A first step?

When the deal on Iran was announced, Amos Yadlin quipped that the official reaction in Israel might lead one to think Iran had been given a green light to develop nuclear weapons. The head of the Tel Aviv-based Institute for National Security Studies (and former chief of military intelligence) was responding to comments like Prime Minister Benjamin Netanyahu’s “the deal is a historic mistake,” former National Security Council head Yaakov Amidror’s, “a failure of diplomacy,” and Israeli Intelligence Minister Yuval Steinitz’s “the deal is based on “deceit and self-delusion.”

Skeptics are right to be concerned. But there’s lots of daylight between Israel’s official, heavy-handed and scornful position and sober analysis of the deal’s positive and negative elements. That discussion is ongoing in Israeli security forums and shouldn’t be ignored.

To begin with, the interim deal is just that – a framework that allows negotiations to continue. At best, it freezes Iran’s capabilities and rolls back several egregious aspects, but doesn’t destroy them. Clearly, a permanent deal will have to be far tougher.

This leads to the unresolved debate over the end game. Israel wants to destroy Iran’s capability to develop nuclear weaponry and so far has insisted on removing all enriched uranium. (Iran can enrich its low-grade civilian use uranium to nuclear-weapons levels within a few months.) But the interim agreement implicitly acknowledges that Iran will continue to enrich civilian-use uranium in future, giving it more leeway than previous UN Security Council resolutions. This critical question will have to be addressed.

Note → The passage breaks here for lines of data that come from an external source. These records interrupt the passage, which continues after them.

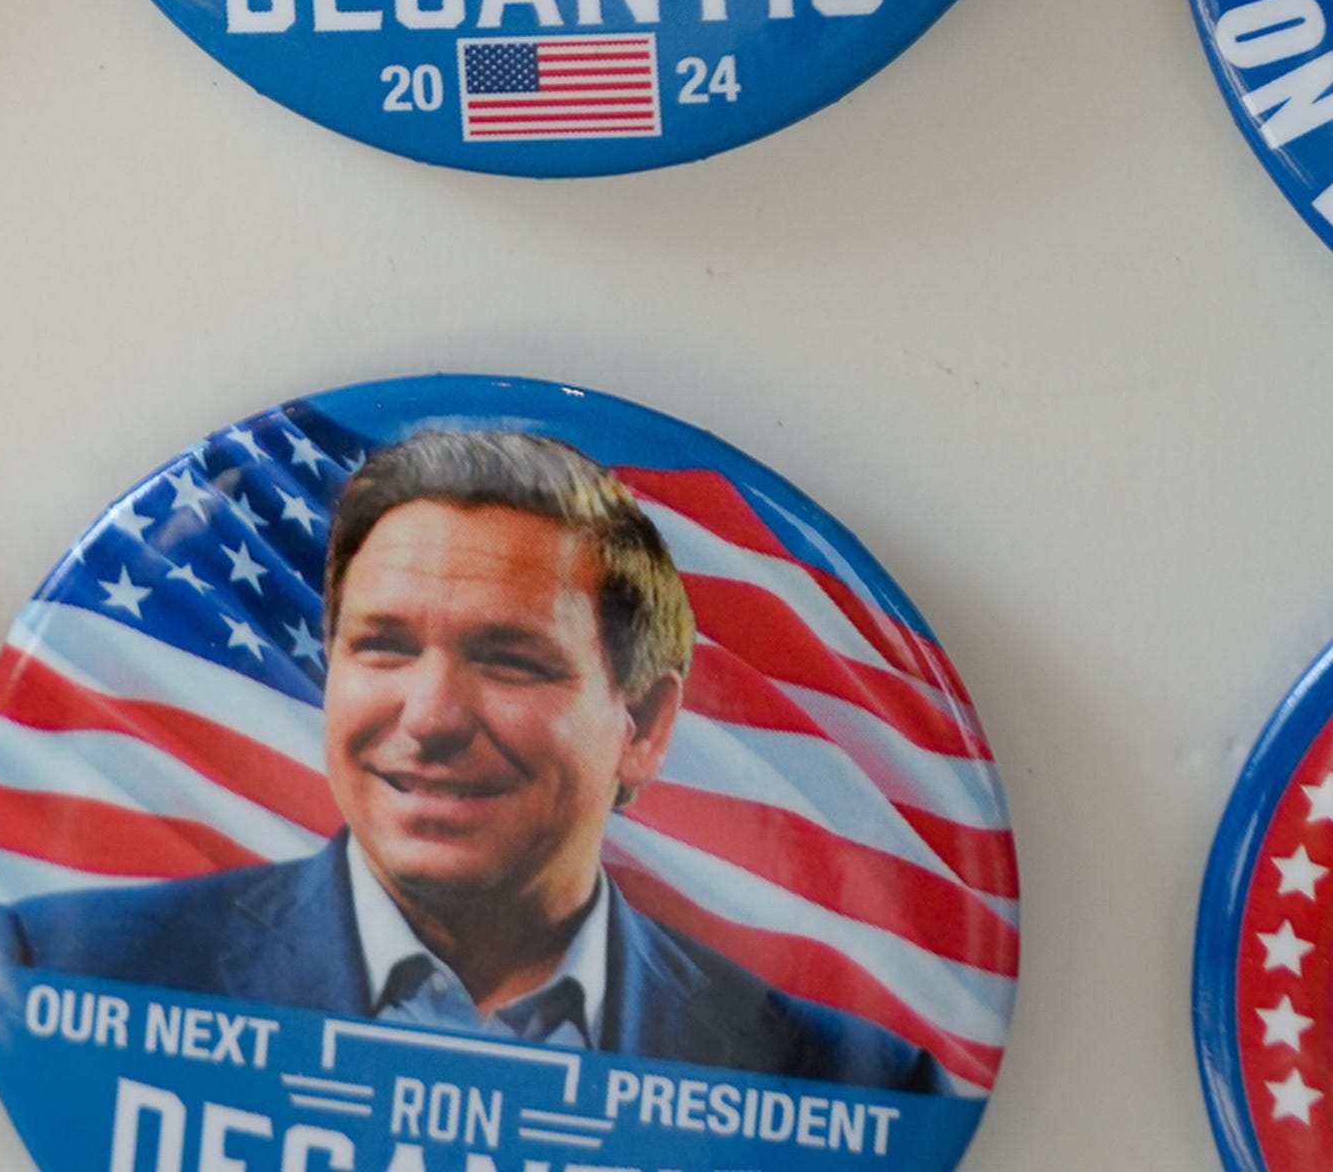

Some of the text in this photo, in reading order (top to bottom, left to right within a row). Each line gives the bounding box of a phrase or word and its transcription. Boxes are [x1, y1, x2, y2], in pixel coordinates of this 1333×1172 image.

[381, 55, 742, 112] 20 24
[25, 984, 280, 1070] OUR NEXT
[390, 1076, 504, 1149] RON
[604, 1066, 901, 1158] PRESIDENT
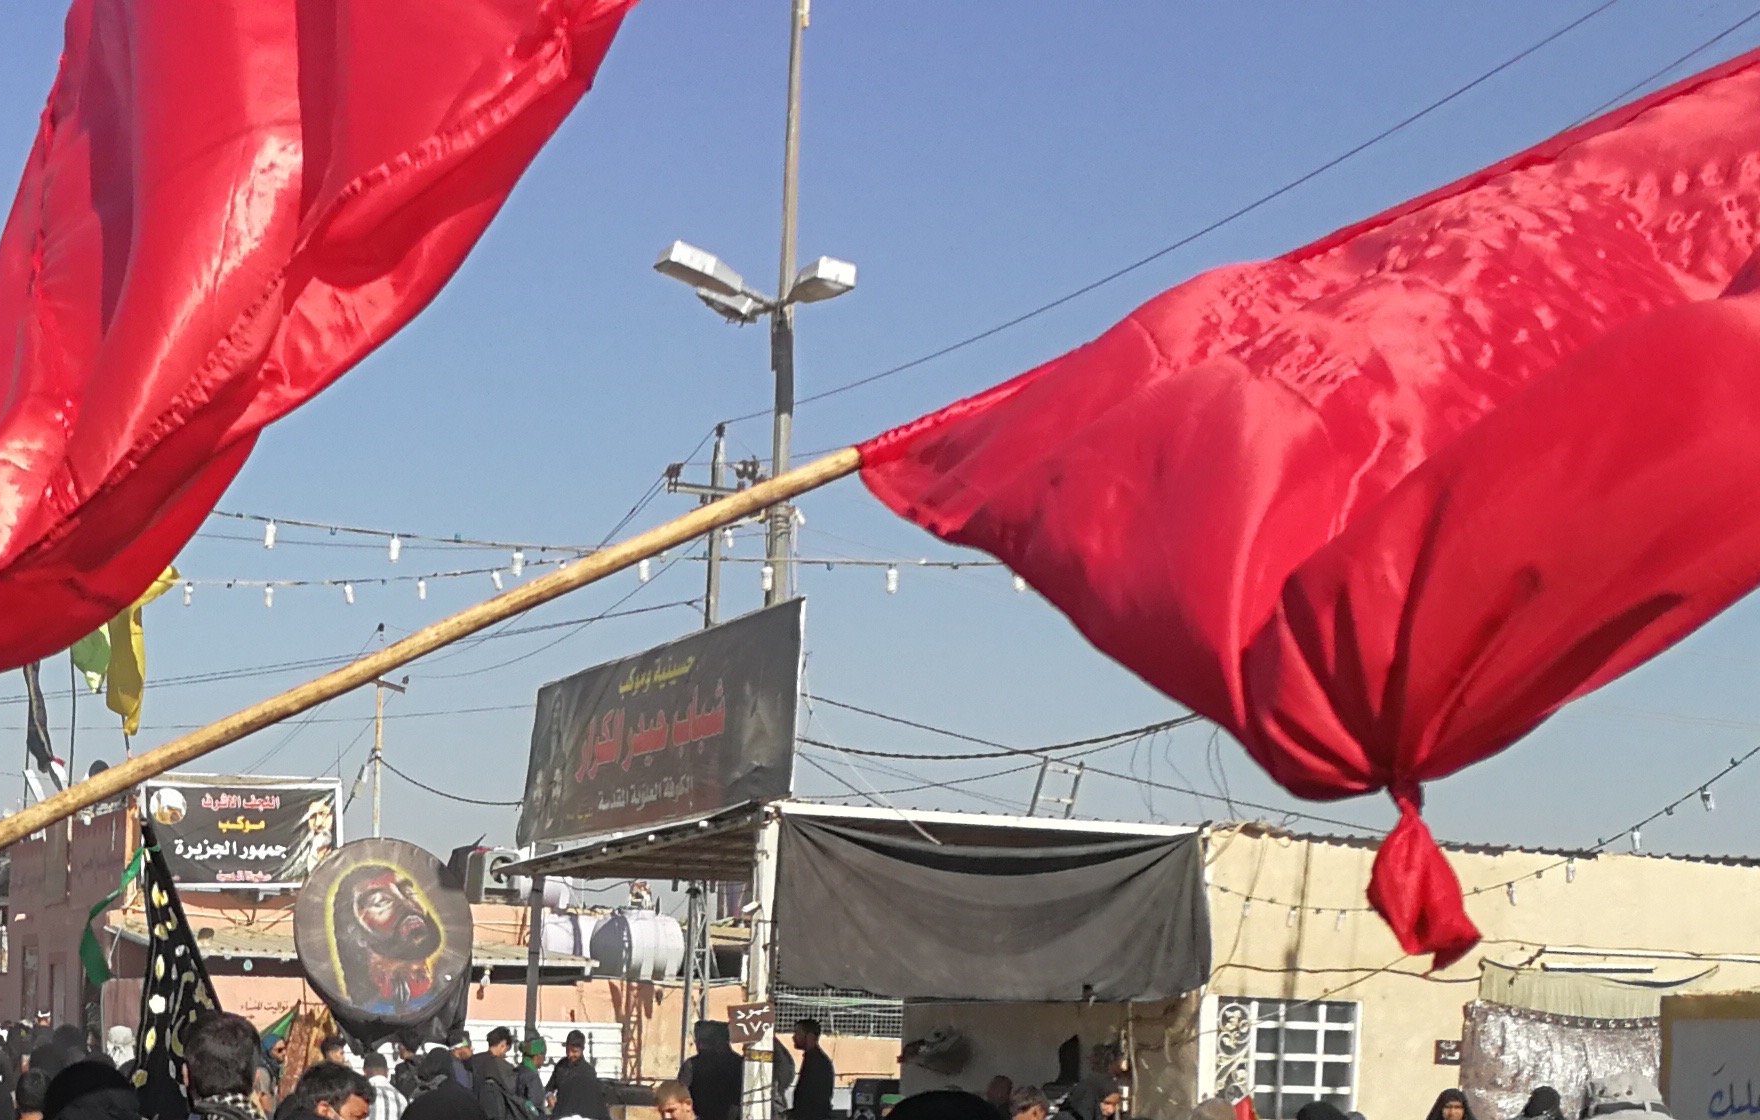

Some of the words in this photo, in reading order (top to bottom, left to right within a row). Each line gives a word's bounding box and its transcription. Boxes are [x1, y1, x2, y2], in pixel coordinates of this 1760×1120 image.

[672, 678, 726, 755] شباب
[575, 706, 626, 783] الكرار
[621, 709, 669, 773] حيدر
[243, 793, 281, 812] النجف
[218, 815, 266, 834] موكب
[174, 839, 238, 861] الجزيرة
[239, 843, 288, 861] جمهور
[736, 1005, 771, 1020] عمود

There are numerous other issues to consider and forthcoming negotiations may well fall apart. If the West stays firm, then failure will clearly be Iran’s fault. But if the Geneva negotiations had failed, Iran would have forged ahead with construction of its heavy water plant for plutonium enrichment, uranium enrichment would have continued, sanctions might have cracked and Israel would be blamed for pressing for a deal that would bring Iran to its knees.

The issue of trust has been invoked frequently in the last 10 days. When it comes to Iran, assume it can’t be trusted, but wants to ease the crippling burden on its economy. That’s why the sanctions regime must hold tight now without further reductions and why monitoring mechanisms must be strictly executed by the International Atomic Energy Agency and adhered to by Iran during the interim period.

At core, though, is the question of Israelis’ trust in U.S. President Barack Obama. They know his (and the American public’s) aversion to military action and don’t believe his assurance that all options remain on the table. To make a permanent deal happen, Obama has to work hard with hardliners in Washington who oppose the interim deal and may try to undo even what’s already been agreed to and, most importantly, to assuage Israeli concerns.

Finding common ground depends on Israel, too, and one can only hope that rhetoric is quickly replaced by substantive, co-operative dialogue. Because so far, at least, a deal is better than no deal, and it’s certainly better than a risk-fraught Israeli strike. And if successful, it might be a first step toward defanging Iran as the key destabilizing force in the region.